Word for word, return every record.

+ + + +

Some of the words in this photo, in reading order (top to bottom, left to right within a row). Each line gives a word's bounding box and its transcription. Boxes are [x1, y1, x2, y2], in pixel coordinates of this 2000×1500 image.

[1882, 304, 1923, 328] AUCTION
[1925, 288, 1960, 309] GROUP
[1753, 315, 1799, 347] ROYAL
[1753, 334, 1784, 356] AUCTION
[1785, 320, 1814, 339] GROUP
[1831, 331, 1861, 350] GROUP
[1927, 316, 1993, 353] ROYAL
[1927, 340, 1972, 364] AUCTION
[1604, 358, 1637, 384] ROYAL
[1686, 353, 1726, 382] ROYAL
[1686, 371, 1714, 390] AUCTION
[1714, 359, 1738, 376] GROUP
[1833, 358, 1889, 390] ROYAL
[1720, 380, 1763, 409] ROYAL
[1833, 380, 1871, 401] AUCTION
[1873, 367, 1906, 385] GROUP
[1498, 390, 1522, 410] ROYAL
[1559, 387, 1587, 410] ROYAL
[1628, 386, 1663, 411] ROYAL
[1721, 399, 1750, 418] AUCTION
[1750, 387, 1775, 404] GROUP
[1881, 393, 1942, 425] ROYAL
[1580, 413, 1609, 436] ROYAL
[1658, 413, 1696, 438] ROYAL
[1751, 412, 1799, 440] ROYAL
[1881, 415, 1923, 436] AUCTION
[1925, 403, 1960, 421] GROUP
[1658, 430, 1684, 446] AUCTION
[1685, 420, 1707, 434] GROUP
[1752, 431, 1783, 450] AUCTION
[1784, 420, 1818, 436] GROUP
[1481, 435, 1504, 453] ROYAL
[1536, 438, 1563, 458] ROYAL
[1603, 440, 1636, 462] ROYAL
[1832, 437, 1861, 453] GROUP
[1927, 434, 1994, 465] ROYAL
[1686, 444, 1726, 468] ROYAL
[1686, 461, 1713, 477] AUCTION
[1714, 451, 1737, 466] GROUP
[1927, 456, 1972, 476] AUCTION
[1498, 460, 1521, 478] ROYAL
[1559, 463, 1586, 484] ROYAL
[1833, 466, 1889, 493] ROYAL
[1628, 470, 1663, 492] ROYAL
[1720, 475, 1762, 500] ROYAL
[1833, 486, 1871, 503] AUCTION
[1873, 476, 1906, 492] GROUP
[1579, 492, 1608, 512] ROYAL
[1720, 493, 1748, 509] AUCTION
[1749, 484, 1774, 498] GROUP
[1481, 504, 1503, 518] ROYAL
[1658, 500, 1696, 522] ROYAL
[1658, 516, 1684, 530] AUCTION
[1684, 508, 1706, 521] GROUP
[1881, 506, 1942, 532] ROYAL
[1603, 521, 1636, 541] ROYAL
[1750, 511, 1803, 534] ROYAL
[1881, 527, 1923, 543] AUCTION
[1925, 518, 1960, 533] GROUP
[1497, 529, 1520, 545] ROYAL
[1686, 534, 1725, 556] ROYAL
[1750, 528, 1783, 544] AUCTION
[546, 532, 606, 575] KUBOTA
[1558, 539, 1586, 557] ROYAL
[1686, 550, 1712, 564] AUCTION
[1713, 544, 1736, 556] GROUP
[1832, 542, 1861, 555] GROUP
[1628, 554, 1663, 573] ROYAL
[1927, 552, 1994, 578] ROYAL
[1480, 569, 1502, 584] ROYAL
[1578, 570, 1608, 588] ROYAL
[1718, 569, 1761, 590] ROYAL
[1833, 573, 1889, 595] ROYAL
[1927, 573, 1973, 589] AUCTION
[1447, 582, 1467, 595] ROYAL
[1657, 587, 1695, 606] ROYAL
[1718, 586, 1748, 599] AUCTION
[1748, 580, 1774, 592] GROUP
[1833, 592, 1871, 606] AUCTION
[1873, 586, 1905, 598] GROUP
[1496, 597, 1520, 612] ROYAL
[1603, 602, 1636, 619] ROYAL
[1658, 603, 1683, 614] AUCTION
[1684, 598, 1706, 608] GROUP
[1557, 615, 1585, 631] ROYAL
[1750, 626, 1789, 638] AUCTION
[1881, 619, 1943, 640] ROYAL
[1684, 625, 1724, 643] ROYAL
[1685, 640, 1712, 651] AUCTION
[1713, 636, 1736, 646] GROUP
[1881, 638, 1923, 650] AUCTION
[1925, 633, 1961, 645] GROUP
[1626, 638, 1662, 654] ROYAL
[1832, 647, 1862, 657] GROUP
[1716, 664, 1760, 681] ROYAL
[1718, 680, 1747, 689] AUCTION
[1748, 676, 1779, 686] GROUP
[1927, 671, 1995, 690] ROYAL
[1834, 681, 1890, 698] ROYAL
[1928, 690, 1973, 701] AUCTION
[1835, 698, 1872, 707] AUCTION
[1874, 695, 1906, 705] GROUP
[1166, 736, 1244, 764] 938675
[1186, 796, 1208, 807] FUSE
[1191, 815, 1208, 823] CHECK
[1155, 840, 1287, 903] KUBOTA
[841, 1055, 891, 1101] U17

+ + + +

**ANSWER BOX**
Some of the words in this photo, in reading order (top to bottom, left to right within a row). Each line gives a word's bounding box and its transcription. Boxes are [x1, y1, x2, y2], in pixel coordinates of this 2000×1500 image.

[1882, 304, 1923, 328] AUCTION
[1925, 288, 1960, 309] GROUP
[1753, 315, 1799, 347] ROYAL
[1753, 334, 1784, 356] AUCTION
[1785, 320, 1814, 339] GROUP
[1831, 331, 1861, 350] GROUP
[1927, 316, 1993, 353] ROYAL
[1927, 340, 1972, 364] AUCTION
[1604, 358, 1637, 384] ROYAL
[1686, 353, 1726, 382] ROYAL
[1686, 371, 1714, 390] AUCTION
[1714, 359, 1738, 376] GROUP
[1833, 358, 1889, 390] ROYAL
[1720, 380, 1763, 409] ROYAL
[1833, 380, 1871, 401] AUCTION
[1873, 367, 1906, 385] GROUP
[1498, 390, 1522, 410] ROYAL
[1559, 387, 1587, 410] ROYAL
[1628, 386, 1663, 411] ROYAL
[1721, 399, 1750, 418] AUCTION
[1750, 387, 1775, 404] GROUP
[1881, 393, 1942, 425] ROYAL
[1580, 413, 1609, 436] ROYAL
[1658, 413, 1696, 438] ROYAL
[1751, 412, 1799, 440] ROYAL
[1881, 415, 1923, 436] AUCTION
[1925, 403, 1960, 421] GROUP
[1658, 430, 1684, 446] AUCTION
[1685, 420, 1707, 434] GROUP
[1752, 431, 1783, 450] AUCTION
[1784, 420, 1818, 436] GROUP
[1481, 435, 1504, 453] ROYAL
[1536, 438, 1563, 458] ROYAL
[1603, 440, 1636, 462] ROYAL
[1832, 437, 1861, 453] GROUP
[1927, 434, 1994, 465] ROYAL
[1686, 444, 1726, 468] ROYAL
[1686, 461, 1713, 477] AUCTION
[1714, 451, 1737, 466] GROUP
[1927, 456, 1972, 476] AUCTION
[1498, 460, 1521, 478] ROYAL
[1559, 463, 1586, 484] ROYAL
[1833, 466, 1889, 493] ROYAL
[1628, 470, 1663, 492] ROYAL
[1720, 475, 1762, 500] ROYAL
[1833, 486, 1871, 503] AUCTION
[1873, 476, 1906, 492] GROUP
[1579, 492, 1608, 512] ROYAL
[1720, 493, 1748, 509] AUCTION
[1749, 484, 1774, 498] GROUP
[1481, 504, 1503, 518] ROYAL
[1658, 500, 1696, 522] ROYAL
[1658, 516, 1684, 530] AUCTION
[1684, 508, 1706, 521] GROUP
[1881, 506, 1942, 532] ROYAL
[1603, 521, 1636, 541] ROYAL
[1750, 511, 1803, 534] ROYAL
[1881, 527, 1923, 543] AUCTION
[1925, 518, 1960, 533] GROUP
[1497, 529, 1520, 545] ROYAL
[1686, 534, 1725, 556] ROYAL
[1750, 528, 1783, 544] AUCTION
[546, 532, 606, 575] KUBOTA
[1558, 539, 1586, 557] ROYAL
[1686, 550, 1712, 564] AUCTION
[1713, 544, 1736, 556] GROUP
[1832, 542, 1861, 555] GROUP
[1628, 554, 1663, 573] ROYAL
[1927, 552, 1994, 578] ROYAL
[1480, 569, 1502, 584] ROYAL
[1578, 570, 1608, 588] ROYAL
[1718, 569, 1761, 590] ROYAL
[1833, 573, 1889, 595] ROYAL
[1927, 573, 1973, 589] AUCTION
[1447, 582, 1467, 595] ROYAL
[1657, 587, 1695, 606] ROYAL
[1718, 586, 1748, 599] AUCTION
[1748, 580, 1774, 592] GROUP
[1833, 592, 1871, 606] AUCTION
[1873, 586, 1905, 598] GROUP
[1496, 597, 1520, 612] ROYAL
[1603, 602, 1636, 619] ROYAL
[1658, 603, 1683, 614] AUCTION
[1684, 598, 1706, 608] GROUP
[1557, 615, 1585, 631] ROYAL
[1750, 626, 1789, 638] AUCTION
[1881, 619, 1943, 640] ROYAL
[1684, 625, 1724, 643] ROYAL
[1685, 640, 1712, 651] AUCTION
[1713, 636, 1736, 646] GROUP
[1881, 638, 1923, 650] AUCTION
[1925, 633, 1961, 645] GROUP
[1626, 638, 1662, 654] ROYAL
[1832, 647, 1862, 657] GROUP
[1716, 664, 1760, 681] ROYAL
[1718, 680, 1747, 689] AUCTION
[1748, 676, 1779, 686] GROUP
[1927, 671, 1995, 690] ROYAL
[1834, 681, 1890, 698] ROYAL
[1928, 690, 1973, 701] AUCTION
[1835, 698, 1872, 707] AUCTION
[1874, 695, 1906, 705] GROUP
[1166, 736, 1244, 764] 938675
[1186, 796, 1208, 807] FUSE
[1191, 815, 1208, 823] CHECK
[1155, 840, 1287, 903] KUBOTA
[841, 1055, 891, 1101] U17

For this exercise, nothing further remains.